- [Material supplied]:
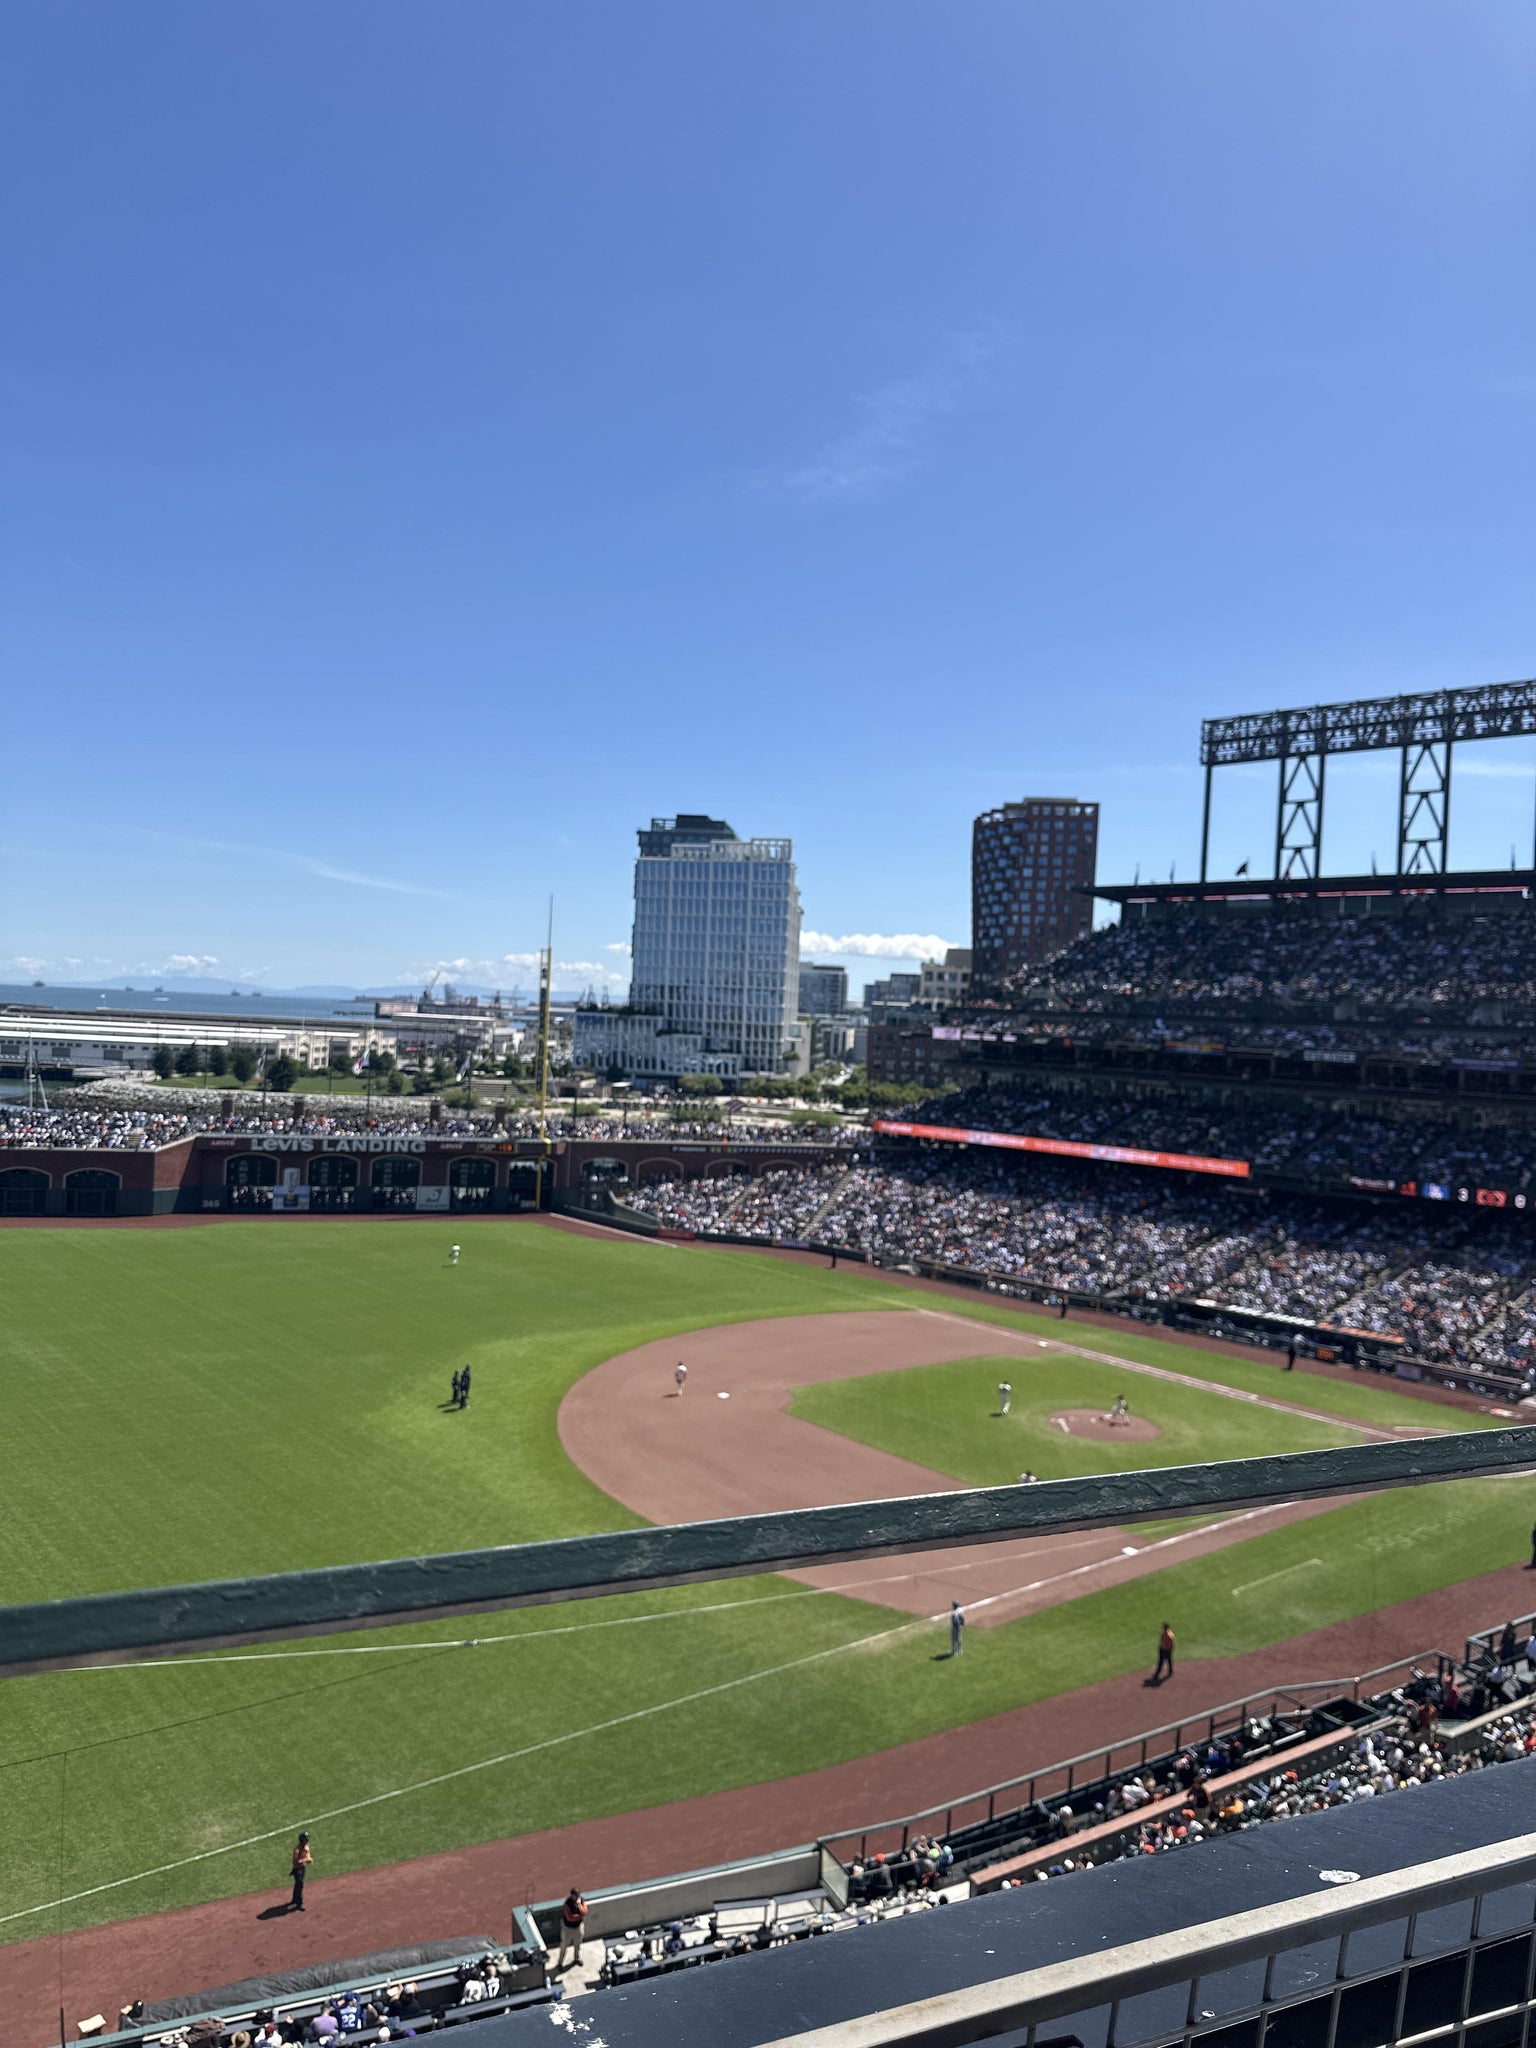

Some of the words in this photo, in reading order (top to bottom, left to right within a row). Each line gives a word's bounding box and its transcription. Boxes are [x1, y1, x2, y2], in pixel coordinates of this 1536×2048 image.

[322, 1139, 427, 1153] LANDING
[1458, 1187, 1469, 1202] 3
[341, 2013, 356, 2028] 22
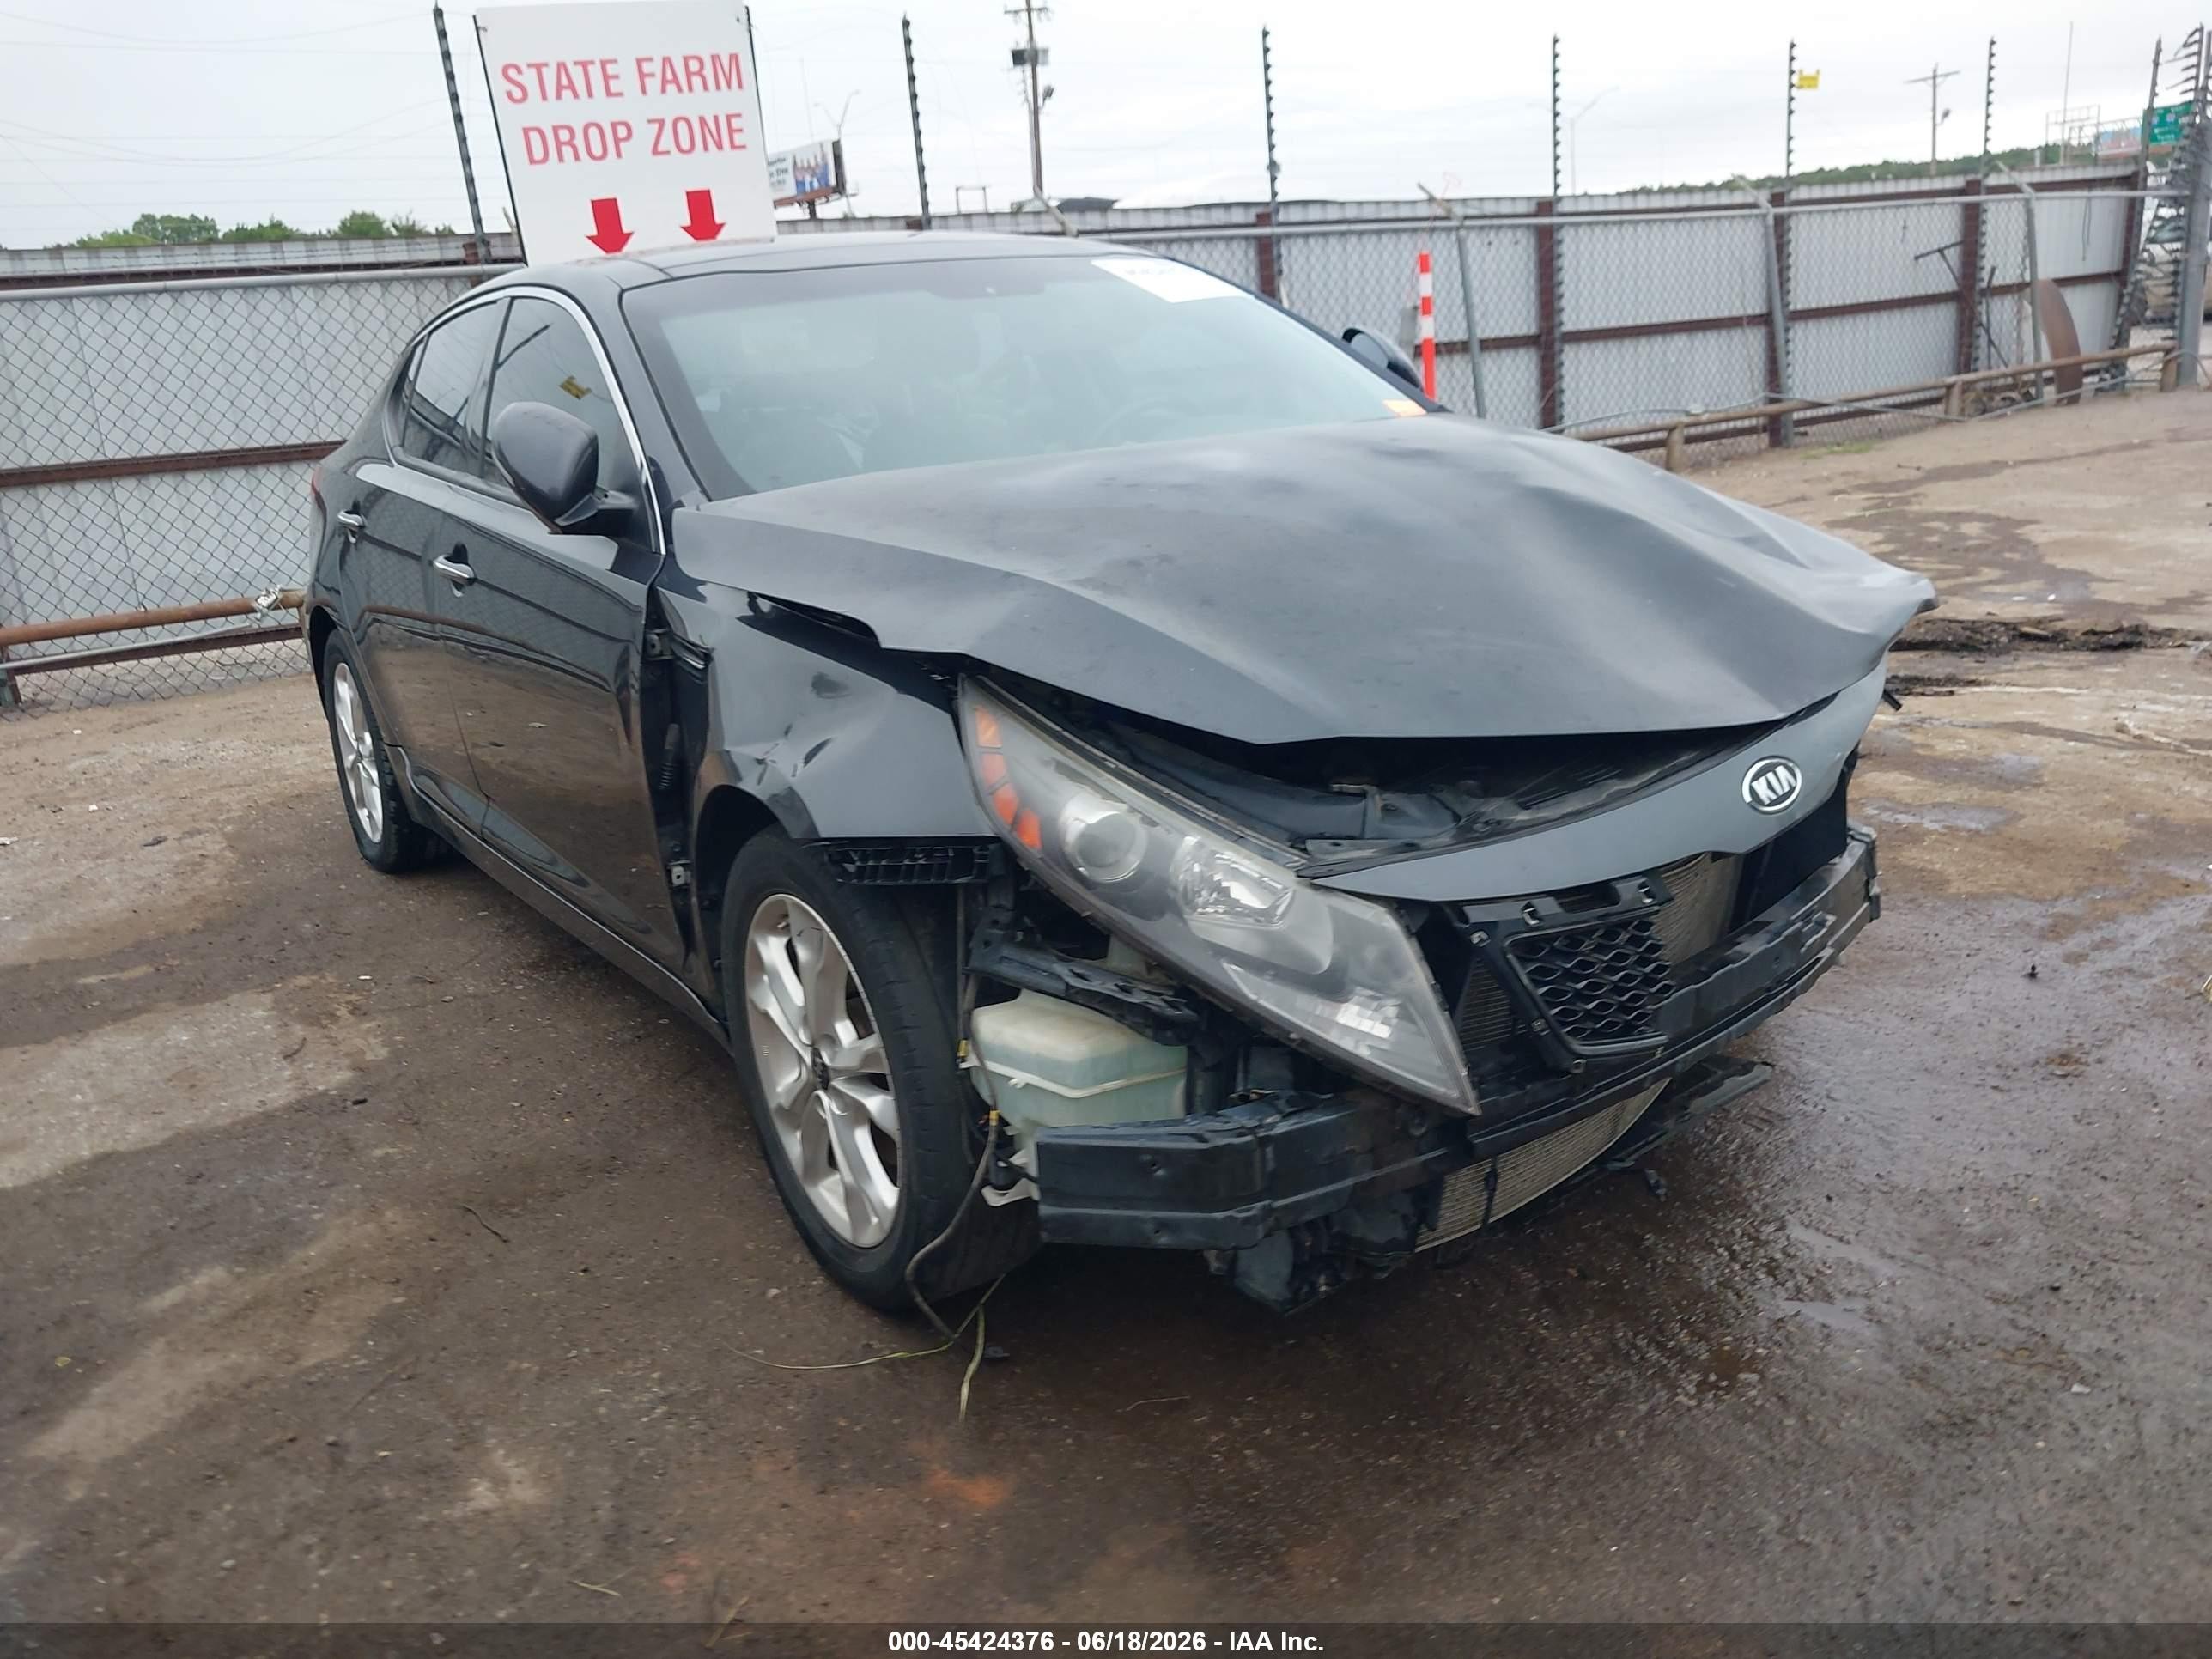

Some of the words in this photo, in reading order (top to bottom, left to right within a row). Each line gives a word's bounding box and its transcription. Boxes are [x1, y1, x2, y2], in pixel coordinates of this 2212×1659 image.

- [Required action]: If an entry contains an image, skip the image and return the rest of the listing unchanged.

- [Your solution]:
Some of the words in this photo, in reading order (top to bottom, left to right within a row). Each line gives a word's bounding box and its transcription. Boxes are [x1, y1, x2, y2], in pixel coordinates of this 1536×2048 image.

[322, 1139, 427, 1153] LANDING
[1458, 1187, 1469, 1202] 3
[341, 2013, 356, 2028] 22

Some of the words in this photo, in reading order (top to bottom, left to right within a row). Each line gives a word's bounding box and its transcription. Boxes are [x1, y1, x2, y2], in pixel coordinates of this 2212×1659 image.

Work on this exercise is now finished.